PCI, as well as CABG studies, have generally reported an increased need for repeat revascularizations in the subgroups of patients with diabetes, some of which can be ascribed to the complexity of the coronary anatomy, i.e. longer lesions, smaller reference diameter, poor run-off, more calcifications, etc. [9, 10]. In the present series, it appears from the site-reported lesion characteristics that some degree of patient selection may have occurred, since the treated lesions were of relatively large diameter (3.0 mm) and short length (15 mm), and were not significantly different from non-diabetic patients. Kedhi et al. previously showed that TLR and TVR within 1 year following PCI with DES were more frequent in diabetic than in non-diabetic patients, but only in complex target lesions, without differences when simple lesions were treated [12].

Safety of DCS in diabetes

For diabetic patients at HBR, treatment with the DCS vs. BMS was associated with a non-significant trend towards a safety benefit. This finding is reassuring, since diabetes is a known risk factor for stent thrombosis and the potential risks of a 1-month DAPT strategy with an active stent were undetermined at the time when the LEADERS FREE trial was designed [13]. While the occurrence of ST was nearly identical for DCS and BMS, the unadjusted definite and/or probable stent thrombosis rate was nearly doubled in diabetic vs. non-diabetic patients, when both stents were considered together.
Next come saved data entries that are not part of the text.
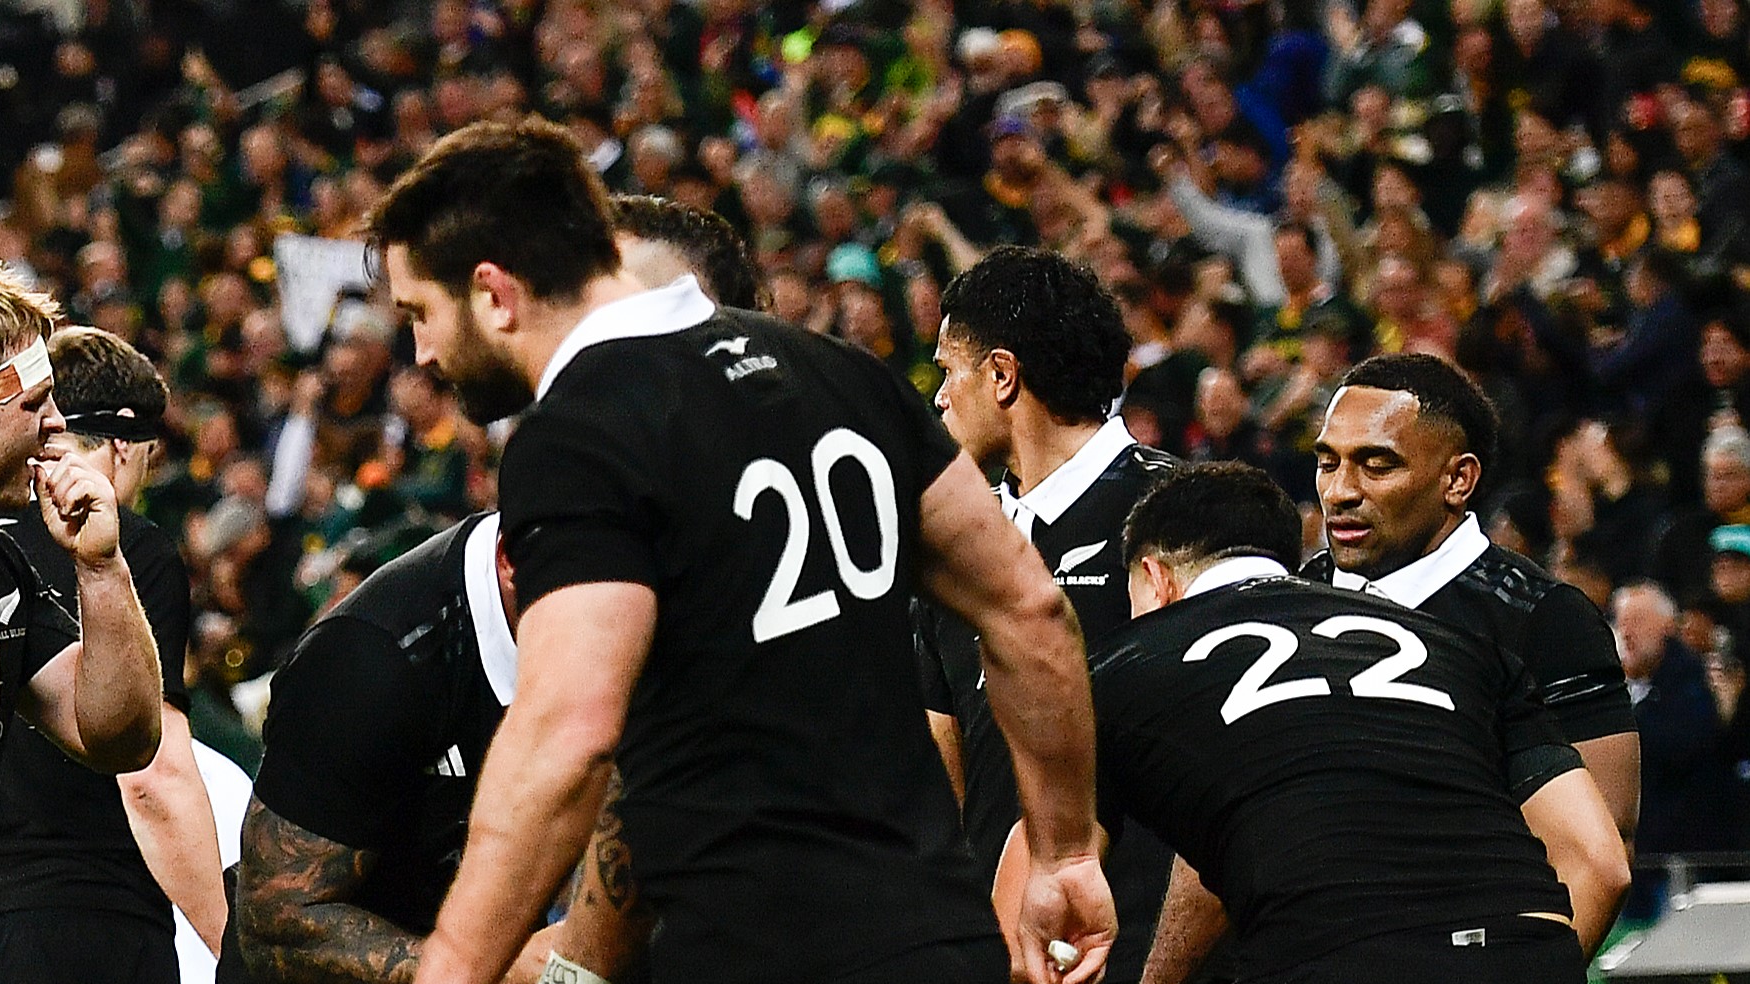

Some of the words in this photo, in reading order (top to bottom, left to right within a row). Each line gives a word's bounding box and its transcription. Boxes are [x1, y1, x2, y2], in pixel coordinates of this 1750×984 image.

[733, 426, 899, 643] 20
[1066, 575, 1106, 586] BLACKS
[1182, 615, 1456, 726] 22
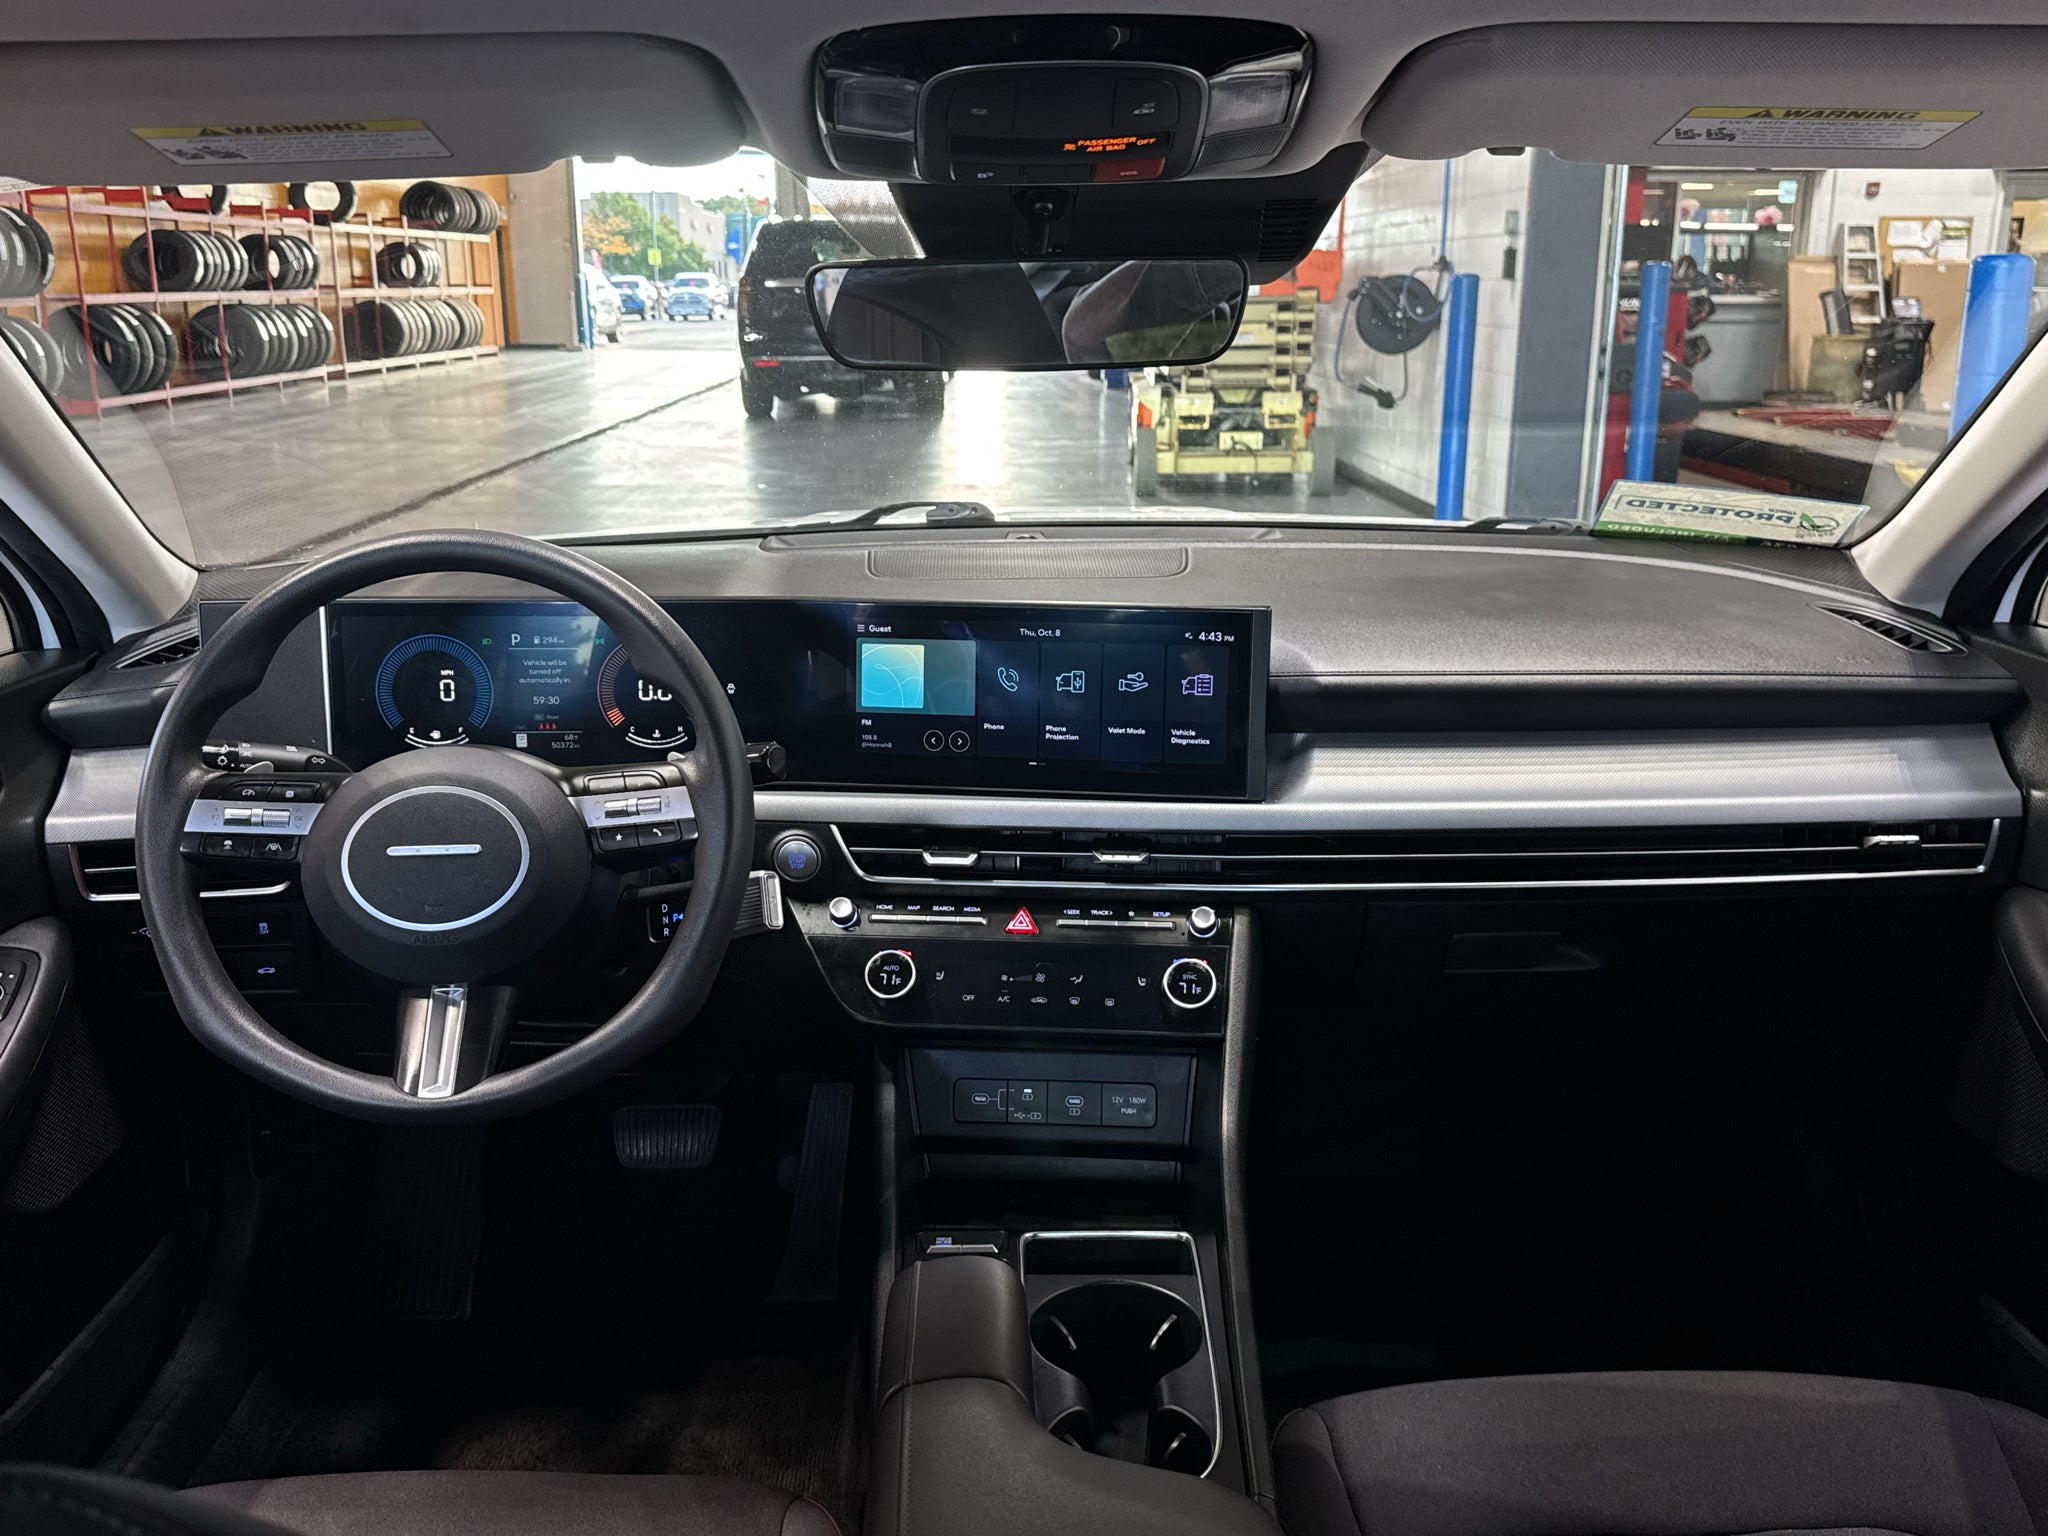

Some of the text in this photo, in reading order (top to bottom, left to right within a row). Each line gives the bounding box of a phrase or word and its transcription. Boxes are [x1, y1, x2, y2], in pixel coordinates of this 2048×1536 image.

[1782, 109, 1920, 120] WARNING
[227, 122, 368, 136] WARNING
[1077, 136, 1157, 147] PASSENGER OFF
[868, 624, 892, 634] Guest
[1019, 628, 1036, 638] Thu,
[1055, 628, 1061, 637] 8
[511, 633, 521, 646] P
[542, 636, 558, 644] 294
[1198, 631, 1222, 642] 4:43
[519, 676, 562, 685] automatically
[439, 679, 456, 702] 0
[533, 695, 560, 705] 59:30
[861, 718, 873, 726] FM
[983, 722, 1005, 730] Phone
[458, 726, 464, 734] F
[1045, 724, 1067, 732] Phone
[1108, 726, 1146, 735] Valet Mode
[1171, 728, 1196, 736] Vehicle
[1045, 733, 1080, 741] Projection
[1171, 736, 1210, 745] Diagnostics
[551, 741, 574, 749] 50372
[661, 903, 668, 913] D
[662, 915, 669, 925] N
[672, 913, 679, 923] P
[663, 927, 670, 937] R
[962, 993, 976, 1002] OFF
[997, 995, 1011, 1003] A/C
[1111, 1095, 1124, 1104] 12V
[1120, 1107, 1137, 1115] PUSH
Regarding the other components of the safety endpoint, cardiac death and myocardial infarction were numerically lower with DCB implantation. Because routine angiography was not systematically performed, it is likely that many of the myocardial infarctions adjudicated as “spontaneous” were in fact related to restenosis.
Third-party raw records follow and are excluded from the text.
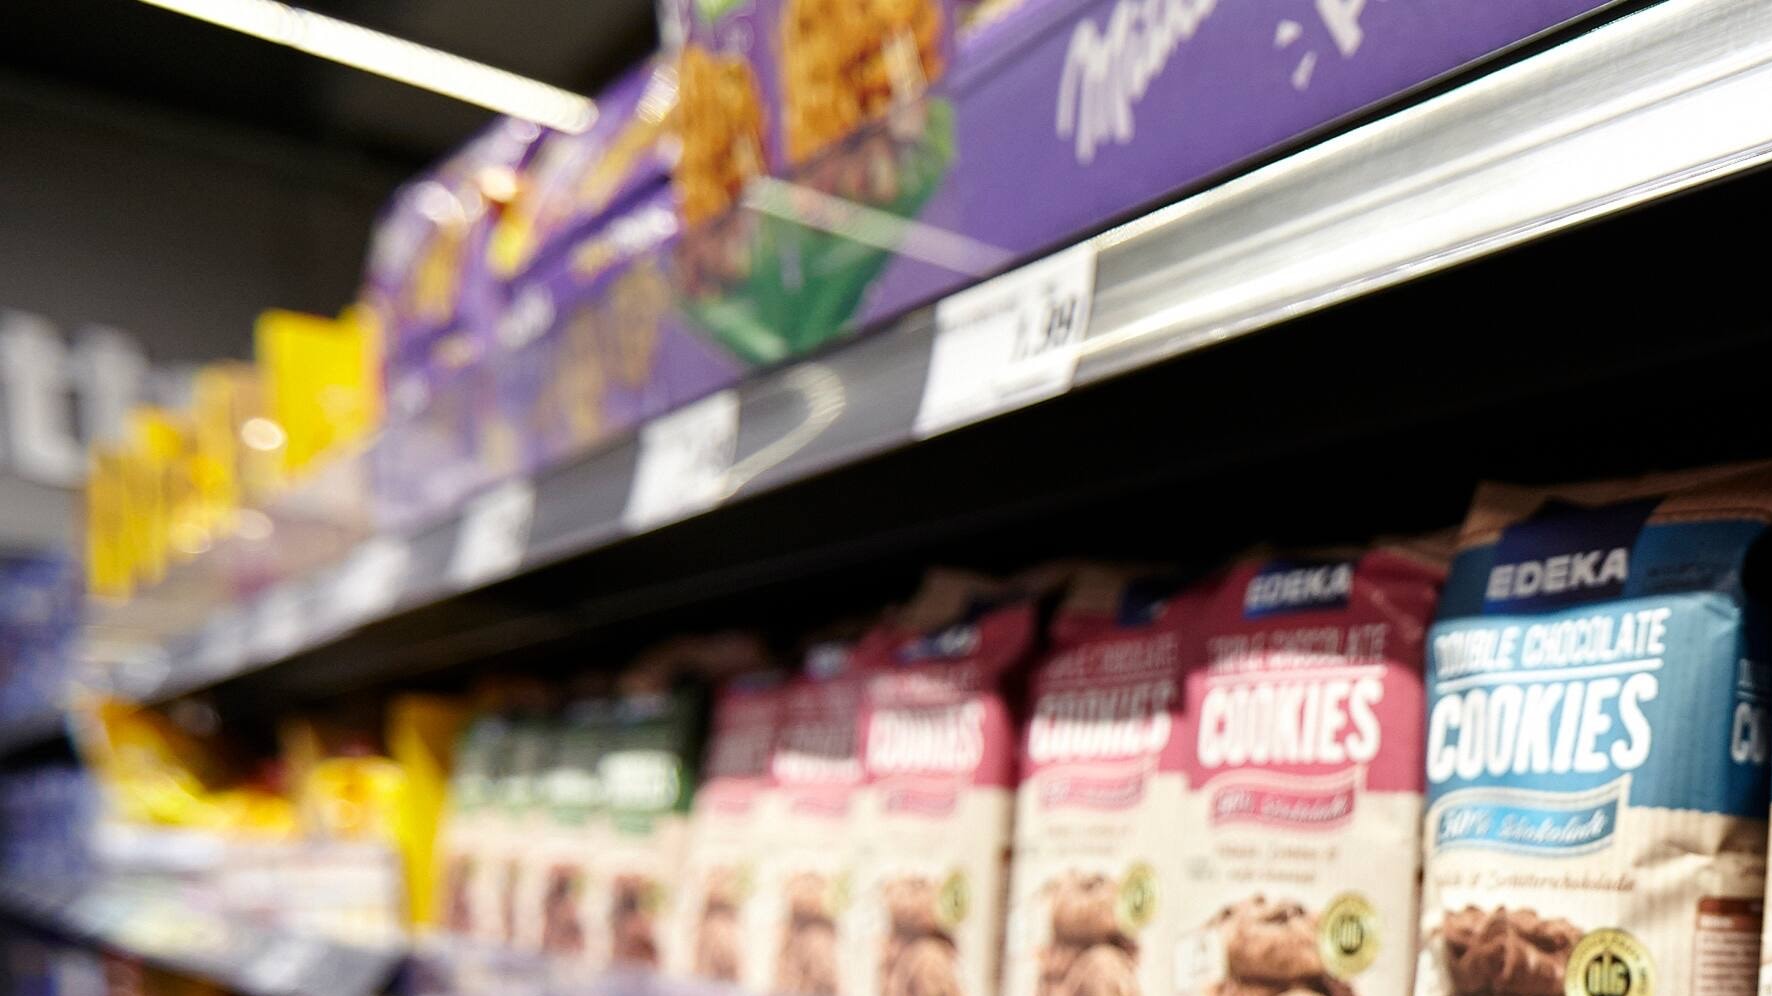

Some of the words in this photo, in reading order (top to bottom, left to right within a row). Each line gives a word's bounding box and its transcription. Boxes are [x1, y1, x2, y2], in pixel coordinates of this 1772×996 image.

[1485, 546, 1629, 601] EDEKA
[1433, 623, 1521, 681] DOUBLE
[1521, 606, 1672, 670] CHOCOLATE
[1199, 680, 1385, 768] COOKIES
[1426, 671, 1660, 784] COOKIES
DCS implantation was associated with a significant reduction of the primary safety endpoint in IDDM. It has been questioned whether DES can provide more than a symptomatic improvement compared to BMS treatment in coronary artery disease [14, 15]. In the overall LEADERS FREE trial, however, the rate of myocardial infarction was reduced by DCS [7, 8]. We assume that this is due to the high-risk population in the trial, since high-bleeding risk patients are also at a high risk for ischemic events. The contention that the benefit of the DCS increases with the patient risk is substantiated by a significant reduction of the primary safety endpoint in the small subgroup of diabetics depending on insulin.

Limitations

Although diabetic patients were a predefined subgroup, the trial was neither designed nor powered to detect differences between patients with and without diabetes, and there was no sub-randomization for diabetic patients. Moreover, we have no information about the quality of glucose control such as fasting glucose or HbA1C levels, as well as the detailed antidiabetic background medication, which might influence the outcome [16]. Consequently, our encouraging results should only be regarded as hypothesis generating.

Conclusions

In diabetic patients at HBR, treatment with DCS significantly reduced clinically driven target lesion revascularizations and showed a strong trend towards a safety benefit compared to BMS treatment.

Given the lack of available data for current-generation DES with abbreviated DAPT regimens in diabetic patients at HBR, DCS should currently be considered as the device with the strongest clinical evidence to support its use in this complex group of patients.